Metrics

Enable Metrics Indicator Tracking

Overview

For the overall design of Dubbo Metrics, please refer to Observability Metrics Proposal .

The following explains the specific implementation and usage related to Dubbo Java.

Usage

To enable metric collection for the Dubbo process, you need to introduce relevant dependencies and add configurations in your project. For example, in a Spring Boot project, add the following spring-boot-starter dependency to automatically enable metric collection.

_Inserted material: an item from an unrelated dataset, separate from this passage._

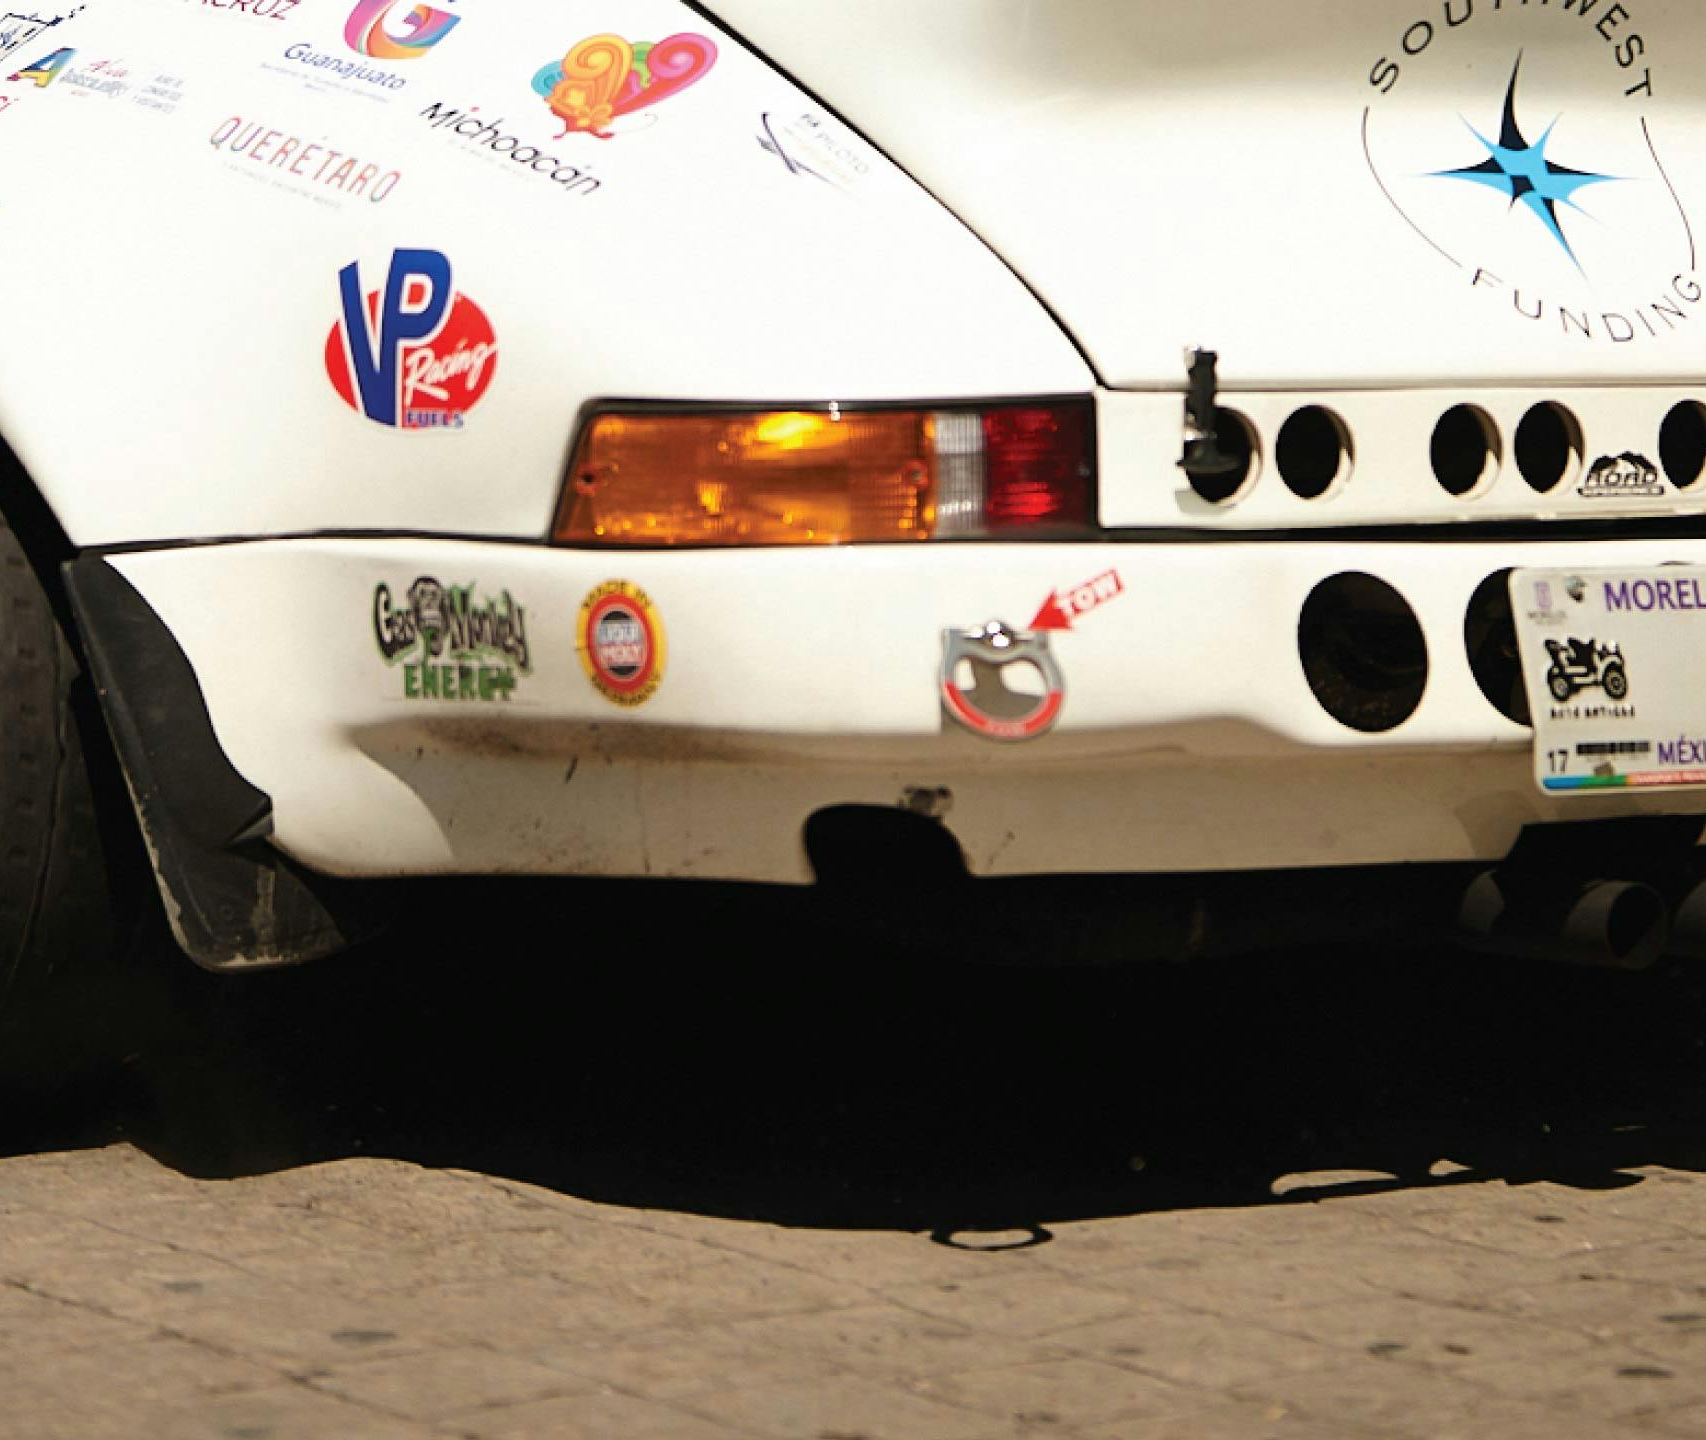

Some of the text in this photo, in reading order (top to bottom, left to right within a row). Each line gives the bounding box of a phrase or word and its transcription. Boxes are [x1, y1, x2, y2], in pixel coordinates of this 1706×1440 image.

<!-- https://mvnrepository.com/artifact/org.apache.dubbo/dubbo-metrics-prometheus -->
<dependency>
    <groupId>org.apache.dubbo</groupId>
    <artifactId>dubbo-spring-boot-observability-starter</artifactId>
    <version>3.2.0</version>
</dependency>

Implementation Principle Analysis

Code Structure and Workflow

  • Remove the original classes related to Metrics.
  • Create new modules dubbo-metrics/dubbo-metrics-api, dubbo-metrics/dubbo-metrics-prometheus, with MetricsConfig as the configuration class for these modules.
  • Use Micrometer, representing metrics with primitive types like Long, Double, etc., and introduce Micrometer in dubbo-metrics-api, letting Micrometer convert internal metrics.

The following are the key components and data flow in the Dubbo implementation:

img.png

Metrics Reporting Interface

According to the architecture in the above figure, the metrics interface is the exit for Dubbo to expose metric data. Here is the specific definition of the metrics interface:

Additionally, this Service also serves as a data source for some Intelligent Adaptive Traffic Scheduling Algorithms

public interface MetricsService {

    /**
     * Default {@link MetricsService} extension name.
     */
    String DEFAULT_EXTENSION_NAME = "default";

    /**
     * The contract version of {@link MetricsService}, the future update must make sure compatible.
     */
    String VERSION = "1.0.0";

    /**
     * Get metrics by prefixes
     *
     * @param categories categories
     * @return metrics - key=MetricCategory value=MetricsEntityList
     */
    Map<MetricsCategory, List<MetricsEntity>> getMetricsByCategories(List<MetricsCategory> categories);

    /**
     * Get metrics by interface and prefixes
     *
     * @param serviceUniqueName serviceUniqueName (eg.group/interfaceName:version)
     * @param categories categories
     * @return metrics - key=MetricCategory value=MetricsEntityList
     */
    Map<MetricsCategory, List<MetricsEntity>> getMetricsByCategories(String serviceUniqueName, List<MetricsCategory> categories);

    /**
     * Get metrics by interface、method and prefixes
     *
     * @param serviceUniqueName serviceUniqueName (eg.group/interfaceName:version)
     * @param methodName methodName
     * @param parameterTypes method parameter types
     * @param categories categories
     * @return metrics - key=MetricCategory value=MetricsEntityList
     */
    Map<MetricsCategory, List<MetricsEntity>> getMetricsByCategories(String serviceUniqueName, String methodName, Class<?>[] parameterTypes, List<MetricsCategory> categories);
}

The design of MetricsCategory is as follows:

public enum MetricsCategory {
    RT,
    QPS,
    REQUESTS,
}

The design of MetricsEntity is as follows:

public class MetricsEntity {
    private String name;
    private Map<String, String> tags;
    private MetricsCategory category;
    private Object value;
}

Metrics Collection Tracking

Dubbo intercepts request call metrics through the extended Filter SPI. Currently, Filter extension implementations have been added for both consumer and provider sides:

  • MetricsFilter provides request metrics tracking for the provider.
  • MetricsClusterFilter provides request metrics tracking for the consumer.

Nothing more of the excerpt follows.